Tre mesi come primo uomo robot: per fare cosa?
"In realtà, molto di più del ‘controllare un braccio-robot’, come è stato a lungo semplificato. Certo, quella era la parte più facile da capire e da spiegare, e anche con più applicazioni pratiche".
Quali sono state?
"Oggi lo stesso tipo di chip aiuta molte persone paralizzate a recuperare almeno in parte i movimenti. In molti casi di paralisi, il cervello funziona ma i moto-segnali, se appaiono, non arrivano dove dovrebbero arrivare, causa le lesioni nel sistema nervoso o nel midollo, o altri problemi. Il primo giorno del nostro esperimento dimostrammo che si possono prendere segnali nervosi e ri-trasmetterli come se lo facesse il sistema nervoso".

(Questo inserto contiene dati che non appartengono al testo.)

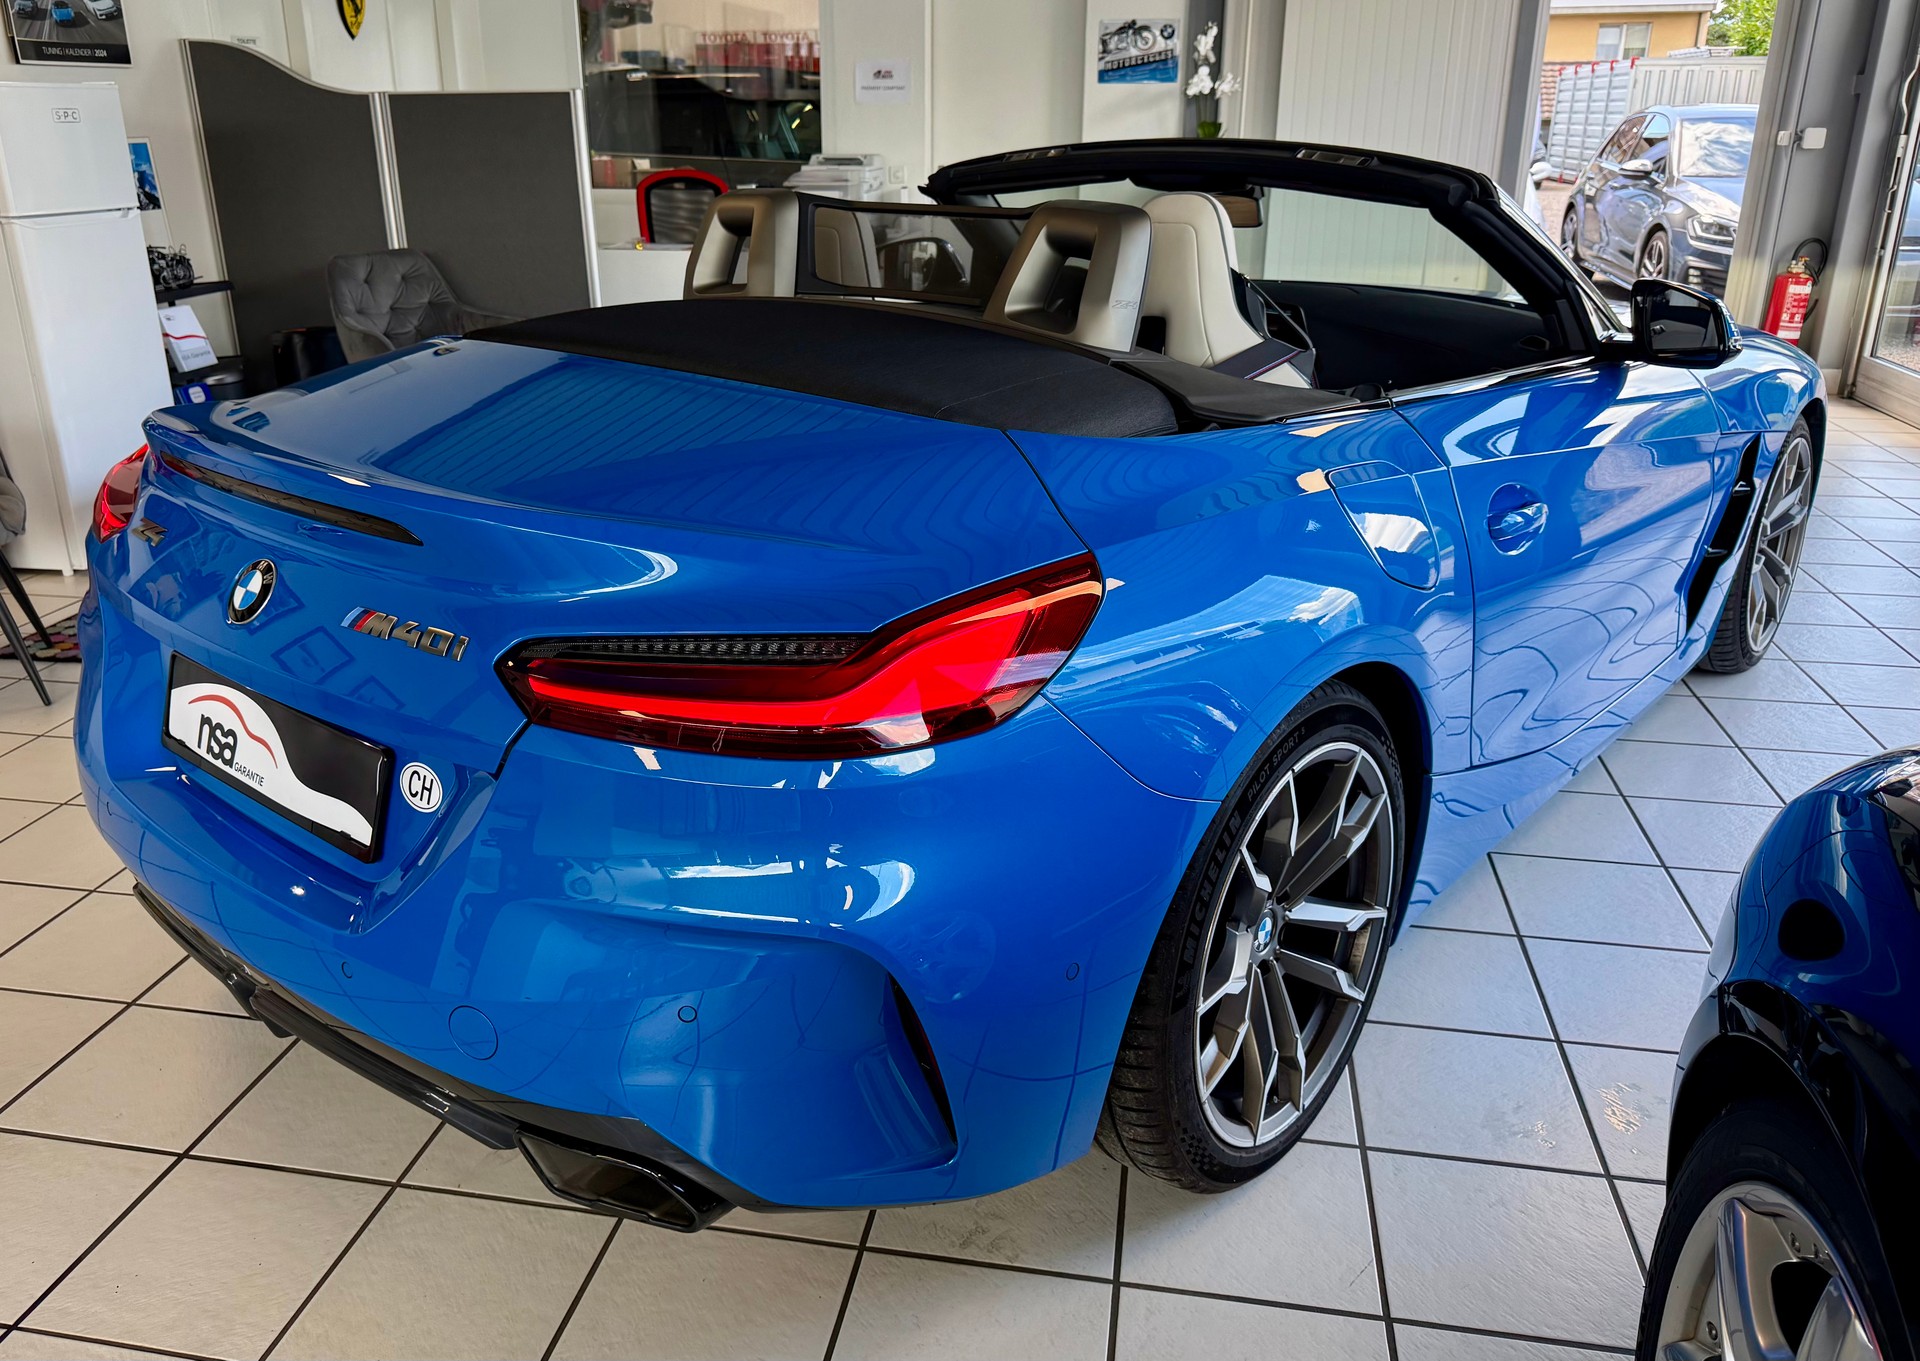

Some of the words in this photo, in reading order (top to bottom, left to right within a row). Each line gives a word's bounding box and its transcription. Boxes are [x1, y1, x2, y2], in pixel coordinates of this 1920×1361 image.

E negli altri 89 giorni, cosa avete testato?
"Nuove forme di comunicazione nervi-cervello, input extrasensoriali, controllo di parti robotizzate, e anche ‘giochini’ come cambiare il colore dei gioielli".
Con quell’esperimento è arrivata la fama, la copertina di ‘Wired’… .
"Arrivarono anche moltissime critiche, attacchi che non mi sarei mai aspettato, accuse di aver fatto tutto ciò solo per la notorietà".
Poi però lei ha fatto una cosa ancora più rivoluzionaria: mettere in comunicazione due sistemi nervosi, il suo e quello di sua moglie, tramite due chip.
"È l’esperimento che mi ha dato più soddisfazione in assoluto, in tanti anni di ricerche. Ho un background nel campo della comunicazione e vedo che, come esseri umani, il modo in cui mandiamo segnali da cervello a cervello è molto povero, rispetto a come comunica la tecnologia. Quello che facemmo, con mia moglie, fu mandare segnali dal sistema nervoso dell’uno a quello dall’altra. Abbiamo dimostrato che l’uomo può espandere le proprie capacità sensoriali. Noi esseri umani saremo in grado di comunicare solo attraverso il pensiero".
Una prospettiva affascinante e paurosa allo stesso tempo.
"Cambierà completamente l’essere umano. La domanda è proprio: quanto saremo ancora umani? Non lo so, non siamo ancora in grado di comunicare così".
Quanto siamo lontani dal ‘comunicare solo attraverso la mente’? Lei ha salito il primo gradino.
"Siamo ancora su quel primo gradino, anche se penso che in tutto ne serviranno tre o quattro. Facemmo il primo passo, e anche quello fu cruciale. Credo che il prossimo esperimento sarà cruciale: cercare di connettere due cervelli".
Però sono passati 15 anni, e nessuno è andato avanti in questo filone di ricerca. Come se lo spiega?
"Ne sono sorpreso anch’io. Perché la scienza funziona così, un esperimento dopo l’altro. Certo, noi prendemmo dei rischi, che ora però non esistono più".
La scienza però incontra anche tanti ostacoli.
"Ricordo la prima volta che sono venuto a Napoli. Il taxi ha passato tre semafori rossi consecutivi. Per me era impensabile. ‘Qui fermarsi al rosso è opzionale’, mi spiegò il tassista. Mi è piaciuto molto come concetto, perché nelle ricerche che porto avanti, ci sono molti semafori rossi: non puoi far questo, non puoi far quello. E se ti fermi sempre a questi semafori rossi, non vai dove vuoi andare, la ricerca non procede".
Forse lo stop arriva dagli aspetti etici del ‘connettere due cervelli’?
"Per far esperimenti di questo genere devi avere approvazioni dal comitato etico, ma è proprio da un punto di vista etico che la ricerca deve andare avanti: scoprire se una cosa si può fare, se fa bene o se fa male".
Lei studia le connessioni fra mente e chip, eppure da sempre sottolinea i pericoli dell’intelligenza artificiale.
"Dico ‘attenzione a quel che creiamo’ fin dal 1997, col il libro ‘La marcia della macchine’. Oggi lo dicono anche Elon Musk e Stephen Hawking. È un bene che ci sia questa consapevolezza".
Ha paura di lasciare troppo spazio alle macchine?
"In un certo senso sì. Possono essere intelligenti in modi molto specifici e settoriali, ma non hanno l’intelligenza generale che ha il cervello umano. Non capiscono le battute, le sfumature, le emozioni".
Che cosa le piacerebbe sperimentare?
"Non ho abbandonato l’idea di connettere due cervelli, anche se mia moglie vorrebbe tanto che smettessi di pensarci. Ma ne ho avuto abbastanza delle critiche di 15 anni fa".